The House GOP's Challenge: Fix the Trade Bill, but Keep the Senate Out of It

With a Friday vote looming, Republican leaders are trying to figure out how to make a Medicare change Democrats are demanding.

As they try to advance historic trade legislation, GOP leaders are stuck dealing with two of their least favorite groups—House Democrats and the Senate.

With a vote set for Friday, both Republicans and their pro-trade Democratic allies are outwardly confident they have the votes to pass Trade Promotion Authority, a major domestic policy priority for President Obama. The problem now, they say, is as much a procedural one as a political one. And both sides are working to find a solution that won't scuttle the bill's tenuous support in the House—or send it back to the increasingly gridlocked Senate.

At issue is the Trade Adjustment Assistance bill slated to accompany TPA. House leaders from both parties have found a way to pay for the bill without capping Medicare spending, which had been a sticking point for Democrats. But they need to advance that change with a "vehicle" that won't require sending the bill back to the Senate, which would further complicate passage.

An aide to a pro-trade Democratic member described one solution being discussed as a "motion to divide the question" on TAA, enabling the fix to come to the floor without forcing a vote to cut Medicare or sending it back to the Senate.

"We worked together to come up with an alternative, and we did," House Speaker John Boehner told reporters Wednesday, referencing his Tuesday evening meeting with Minority Leader Nancy Pelosi. But he added that the procedural mechanisms are still unsolved.

"How we're going to work through this, the process of how we're going to consider the four different votes, is still up in the air," he said. "If we fix the problem, the offset in the [TAA] bill, and we do it in the first vote, which would be the preferences bill, we believe that solves the problem."

It's expected that TPA and TAA will come to the floor separately, though in the same vote series. Not every Democrat was happy with that plan. "I'd link [TPA] directly with TAA," said Rep.
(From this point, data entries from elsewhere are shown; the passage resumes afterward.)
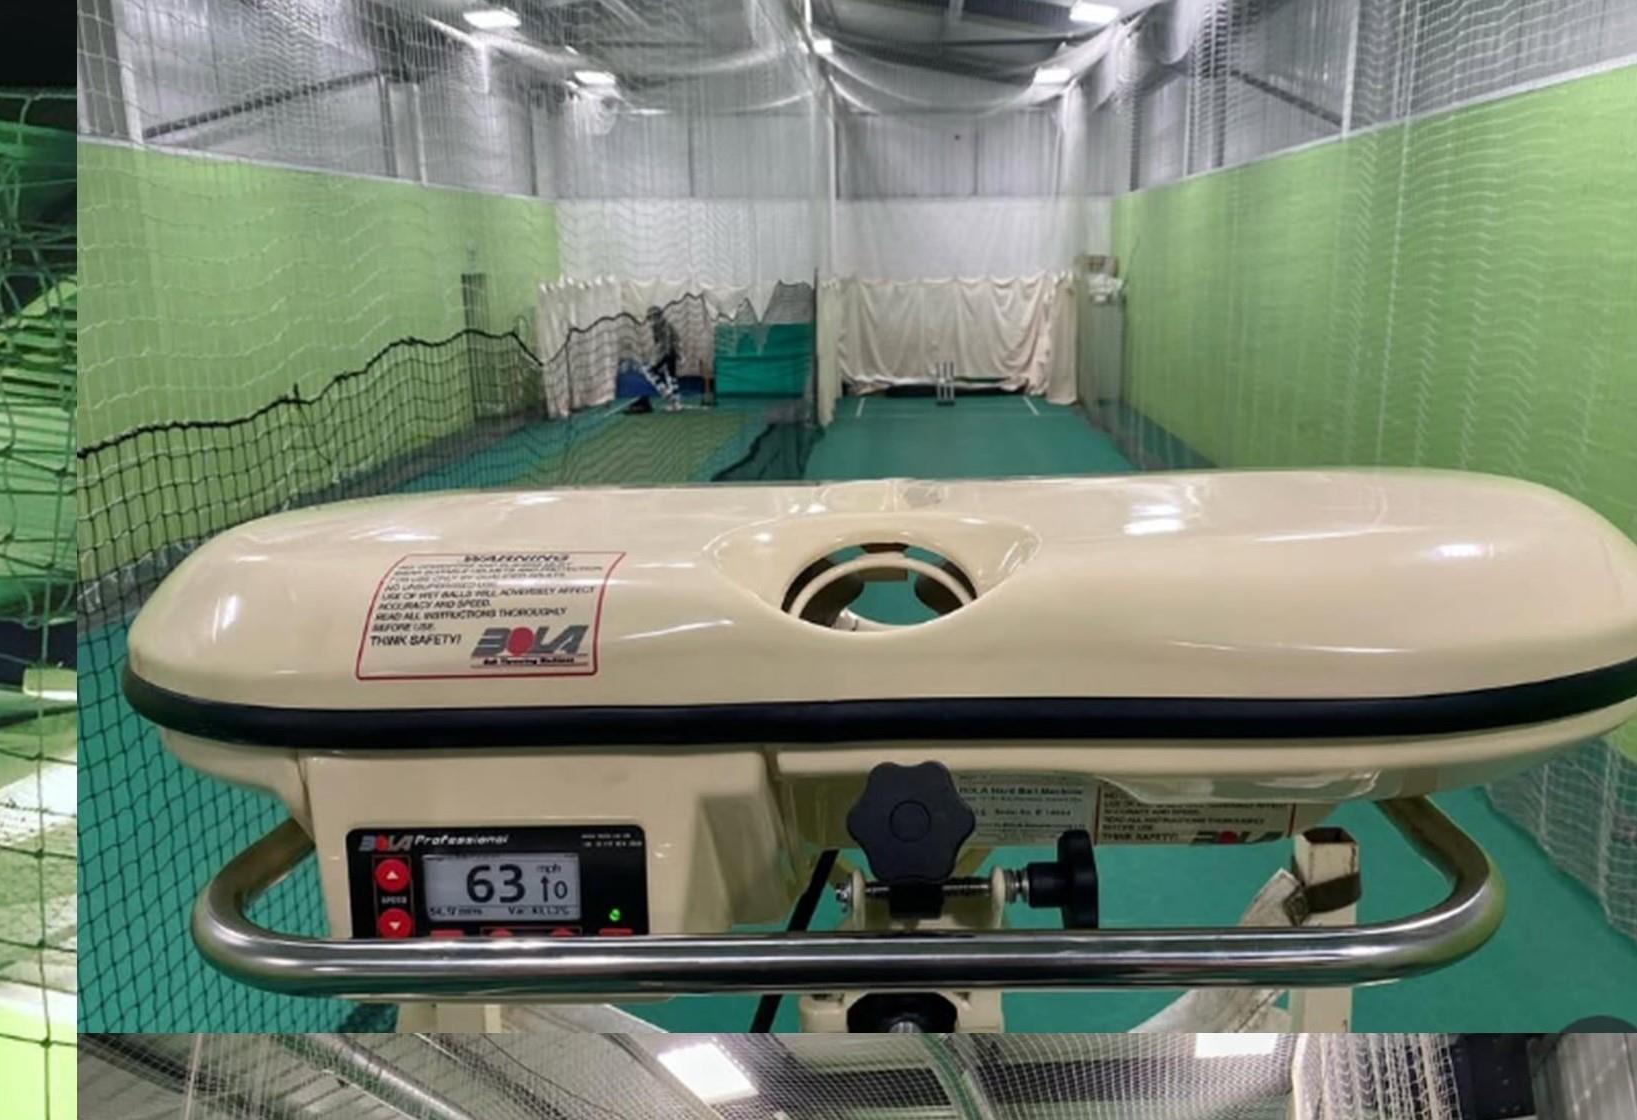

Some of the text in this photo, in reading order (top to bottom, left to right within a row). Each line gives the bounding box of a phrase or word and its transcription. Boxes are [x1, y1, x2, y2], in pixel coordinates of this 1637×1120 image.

[382, 591, 401, 600] USE
[403, 591, 417, 599] OF
[418, 590, 440, 599] WET
[440, 589, 473, 599] BALLS
[498, 587, 556, 596] ADVERSELY
[557, 585, 595, 595] AFFECT
[378, 601, 432, 610] ACCURACY
[433, 600, 456, 609] AND
[376, 607, 567, 621] READ ALL INSTRUCTIONS THOROUGHLY
[372, 622, 412, 632] BEFORE
[370, 632, 463, 647] THINK SAFETY!
[471, 625, 589, 657] BOLA
[358, 834, 510, 852] BOLA Professional
[536, 862, 562, 874] mph
[466, 863, 526, 904] 63
[554, 880, 569, 899] 0
Joseph Crowley. "... If [Republicans] expect bipartisan support for the TPA, we expect that the TAA bill that comes before the House is something that Democrats will support. This is not one that I would support. We've been told that the offset would be fixed before the bill came to the floor, and that hasn't happened. So yeah, I'm frustrated."

Procedure aside, trade supporters remain confident TPA will pass the House. The aide to the pro-trade member said 25 Democrats are currently yes votes, several of whom plan to keep their support a secret until the time comes to vote. Rep. Ron Kind, the New Democrat Coalition chair, who has spearheaded efforts to bring Democrats on board, has been coordinating whip counts with Republicans for two weeks and expects about 200 of their members to vote for TPA. The White House has also mounted an intensive lobbying campaign, dispatching top aides to meet with Democrats on the Hill again Wednesday.

While the aide didn't expect any TAA snafus to bring down TPA, many Democrats have said they can't support the former without major changes. The Congressional Progressive Caucus, which opposes the fast-track legislation, started whipping against the TAA bill, despite it being a Democratic priority, over the cuts.

That's significant because if, as expected, House leadership sets up two separate votes on fast-track and TAA, the latter will likely need Democratic votes to carry it. Republicans are generally opposed to the program, which helps American workers put out of work by foreign trade.

Republican leaders are betting that the change to the TAA offsets will mollify enough Democrats to get both it and the fast-track bill passed and avoid a conference with the Senate. It's not clear yet whether they're right about that. "If people are looking for an excuse to vote no, they can find an excuse," Boehner said.

GOP leaders are cautiously aiming to consider the bill on the floor Friday.

"I think we have a really airtight case to make. We're in our closing arguments. We're comfortable. And that's why we're proceeding," Ways and Means Committee Chairman Paul Ryan said, exiting a morning meeting of House Republicans.

House conservatives, who made an offer last week to vote for the trade deals in exchange for a series of demands, are decrying the procedural changes, however.

"The parliamentary hoops we're jumping through are becoming offensive—constitutionally offensive," Rep. Mick Mulvaney said. "We're supposed to vote on what the Senate sends us. And we are bending the Constitution to almost the point of breaking."

Mulvaney said he is considering voting against the rule governing debate on the House bill, but it is not clear whether his or other conservatives' objections would hold up the process.